Bocciato il creazionismo I giudici: in aula solo Darwin

Luigi Mascheroni

Charles Darwin torna in cattedra: la teoria evoluzionista è l’unica «ammessa» a spiegare la nascita e il cammino dell’uomo sul nostro pianeta. Per la legge americana il secolare dibattito tra evoluzionisti e creazionisti è risolto, almeno per il momento.
Ieri la corte federale di Harrisburg, capitale della Pennsylvania, dopo un processo durato sei settimane sulla valenza del cosiddetto «disegno intelligente» (la versione pseudo-scientifica del creazionismo religioso) si è pronunciata con un secco no. Il giudice distrettuale John E. Jones ha sentenziato che il Consiglio scolastico dell’area di Dover ha violato la Costituzione quando decise, nell’ottobre del 2004, di inserire nei corsi di biologia delle scuole pubbliche, in alternativa al darwinismo, la teoria secondo la quale la vita sulla Terra fu generata da «una causa intelligente».

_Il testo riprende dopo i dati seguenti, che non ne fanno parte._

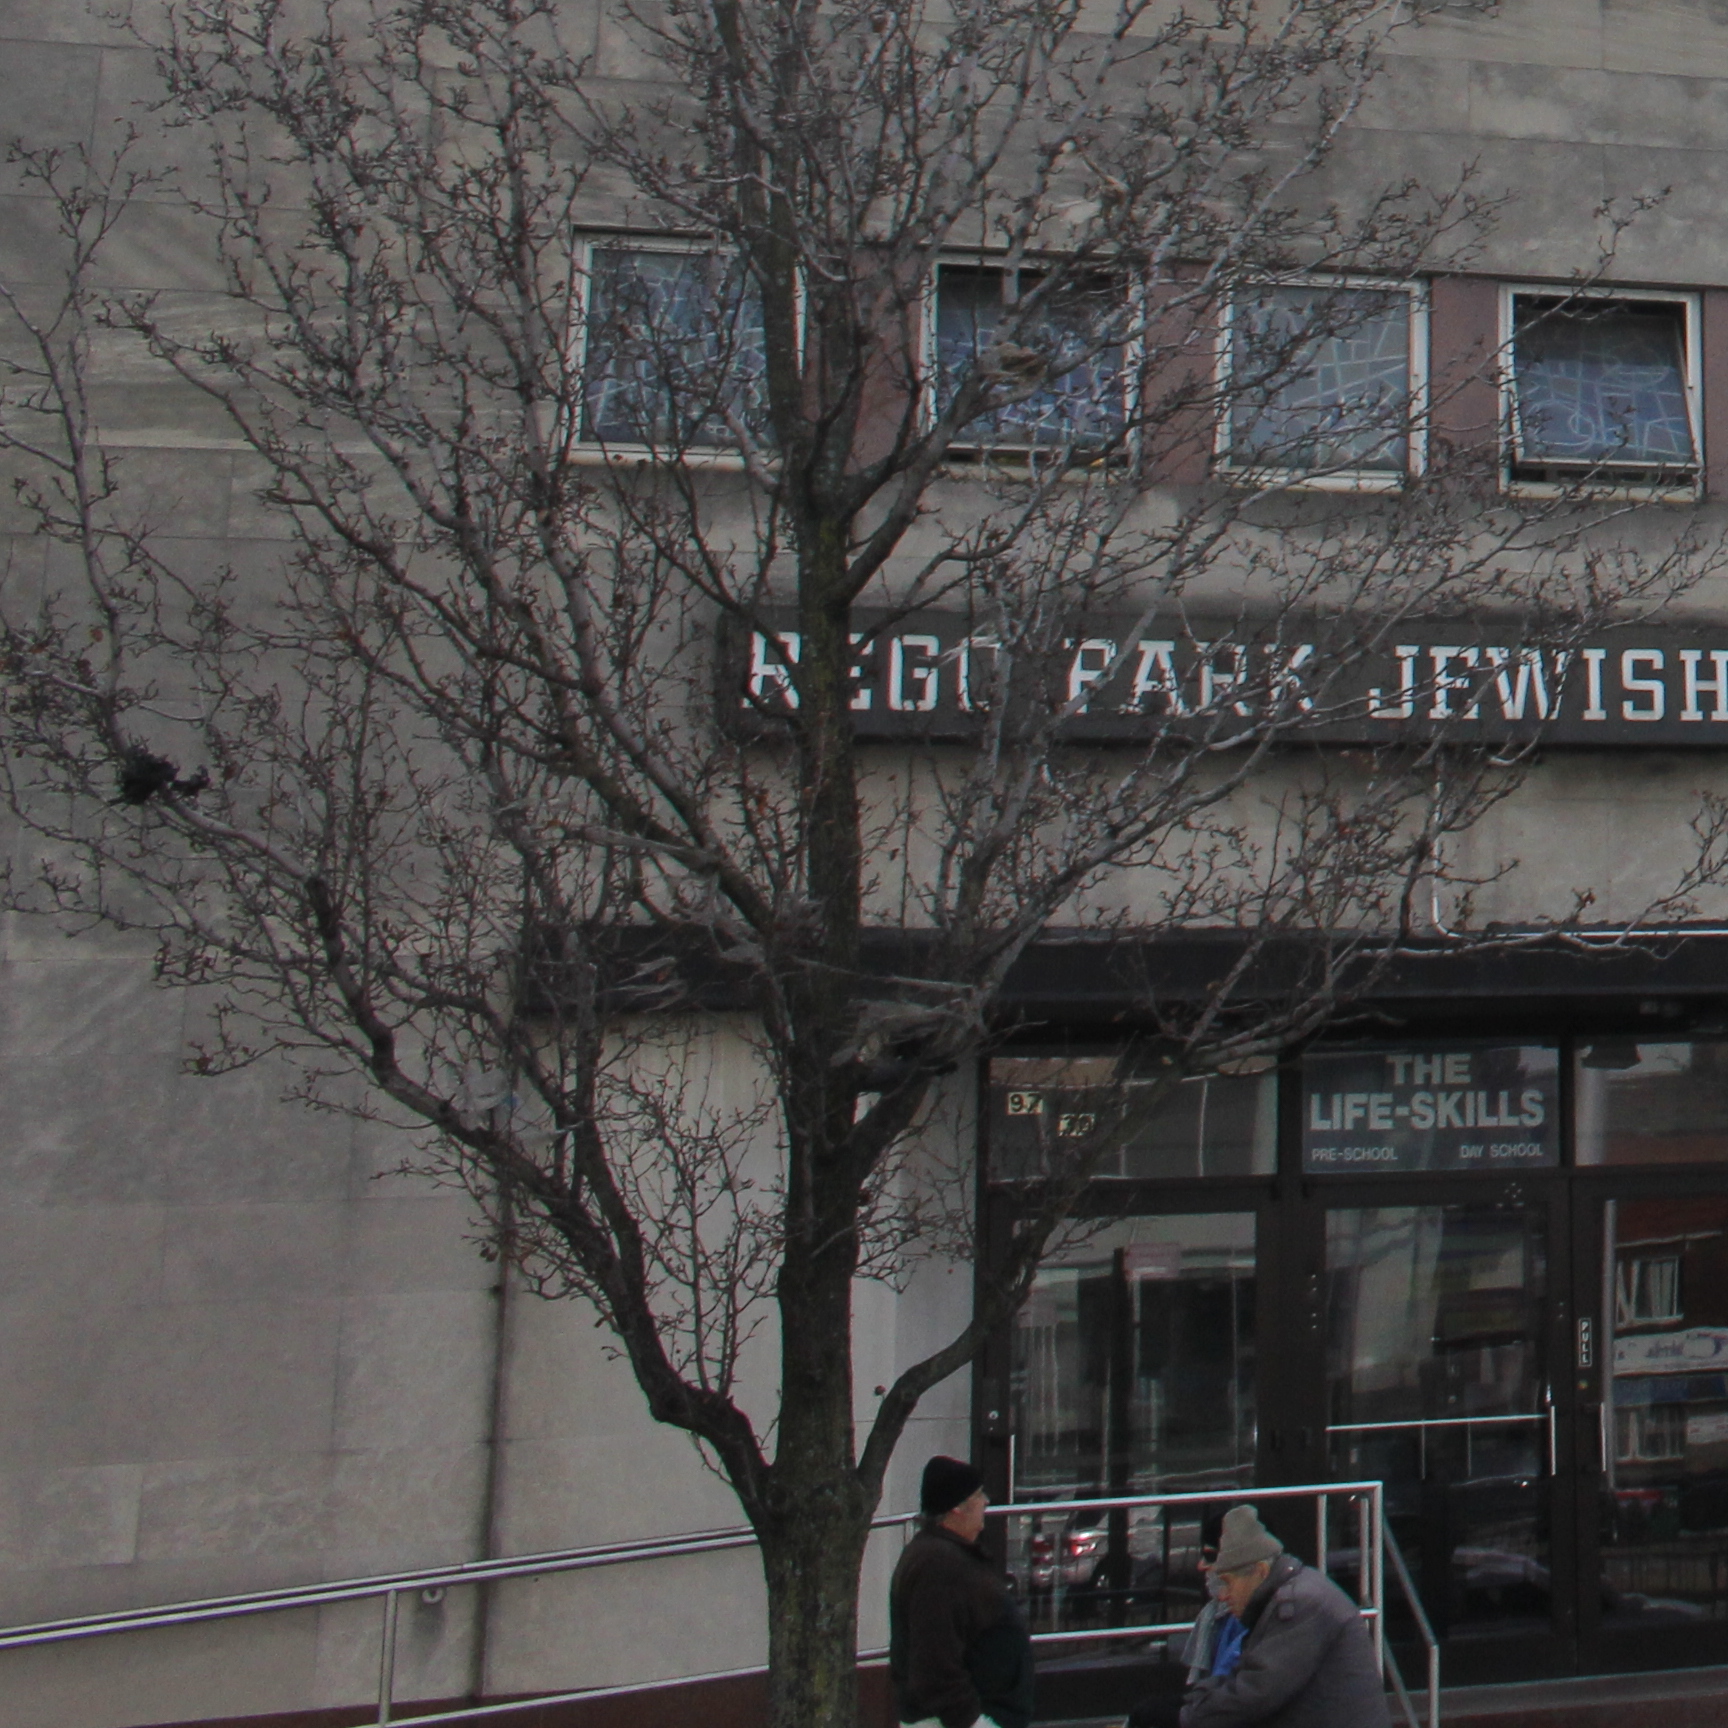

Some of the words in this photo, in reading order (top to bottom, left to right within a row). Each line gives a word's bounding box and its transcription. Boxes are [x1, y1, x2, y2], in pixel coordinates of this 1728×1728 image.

Come è immaginabile la decisione del tribunale federale della Pennsylvania non si esaurirà in ambito locale, ma avrà contraccolpi in tutti gli Stati Uniti dove forse più che in qualsiasi altro Paese al mondo è ancora oggi combattutissima la battaglia fra i due opposti schieramenti. Il principio di inserire nei programmi delle scuole superiori, in particolare nei corsi di scienze, l’insegnamento della Bibbia è da sempre un cavallo di battaglia dei movimenti conservatori di ispirazione cristiana diventati negli ultimi anni particolarmente influenti grazie all’appoggio del presidente George W. Bush (il quale, per inciso, ha difeso l’iniziativa del distretto scolastico di Dover dicendosi favorevole ad offrire agli studenti americani un’alternativa alla teoria dell’evoluzione). Ora la sentenza del giudice John E. Jones dà un colpo - se non mortale, pesantissimo - alle rivendicazioni degli antidarwinisti «di ferro». Secondo il tribunale, con una sentenza in questo senso storica, il «disegno intelligente» non è una teoria scientifica degna di tale nome ma piuttosto un travestimento del creazionismo biblico, bandiera della destra ultraconservatrice del partito repubblicano, che quindi vìola la separazione definita dalla Costituzione tra Chiesa e Stato (anche se a rigore il «disegno intelligente» postula la presenza di una mente dietro la creazione ma senza spingersi a parlare di Dio come invece sostengono i creazionisti). E sebbene un ricorso a una corte d’appello federale sia tecnicamente possibile e l’intera vicenda possa finire, in ultima istanza, addirittura di fronte alla Corte Suprema degli Stati Uniti, con la decisione di ieri l’insegnamento di Charles Darwin (seppure «riveduto e corretto» da quel lontano 1859 in cui fu pubblicato L’origine delle specie) sembra finalmente imporsi anche nella cosiddetta Bible Belt, «la cintura della Bibbia», cioè gli Stati del Sud dove è più forte l’integralismo religioso.
Intanto però, scienziati, filosofi, giuristi e teologi, avranno di che meditare su quanto dibattuto nel lungo processo della Pennsylvania e sulle motivazioni della sentenza che ha negato validità scientifica al «progetto intelligente» escludendolo dai programmi scolastici. Mentre l’evoluzionismo - che nel tempo si è a sua volta evoluto nel neodarwinismo e in particolare nella cosiddetta «sintesi moderna» - gode del consenso della stragrande maggioranza della comunità scientifica e si presenta come una teoria soggetta a verifica e sperimentazione, il creazionismo postulando la creazione ex nihilo di tutte le specie animali appare solo una posizione di principio. Esattamente come lo è la sua versione più moderna, il «progetto intelligente», che pur ammettendo l’esistenza dell’evoluzione nel corso dei millenni delle diverse forme di vita, la suppone guidata da un’intelligenza superiore. Un’affermazione impossibile da sottoporre a verifica e sperimentazione, come invece «vuole» la scienza.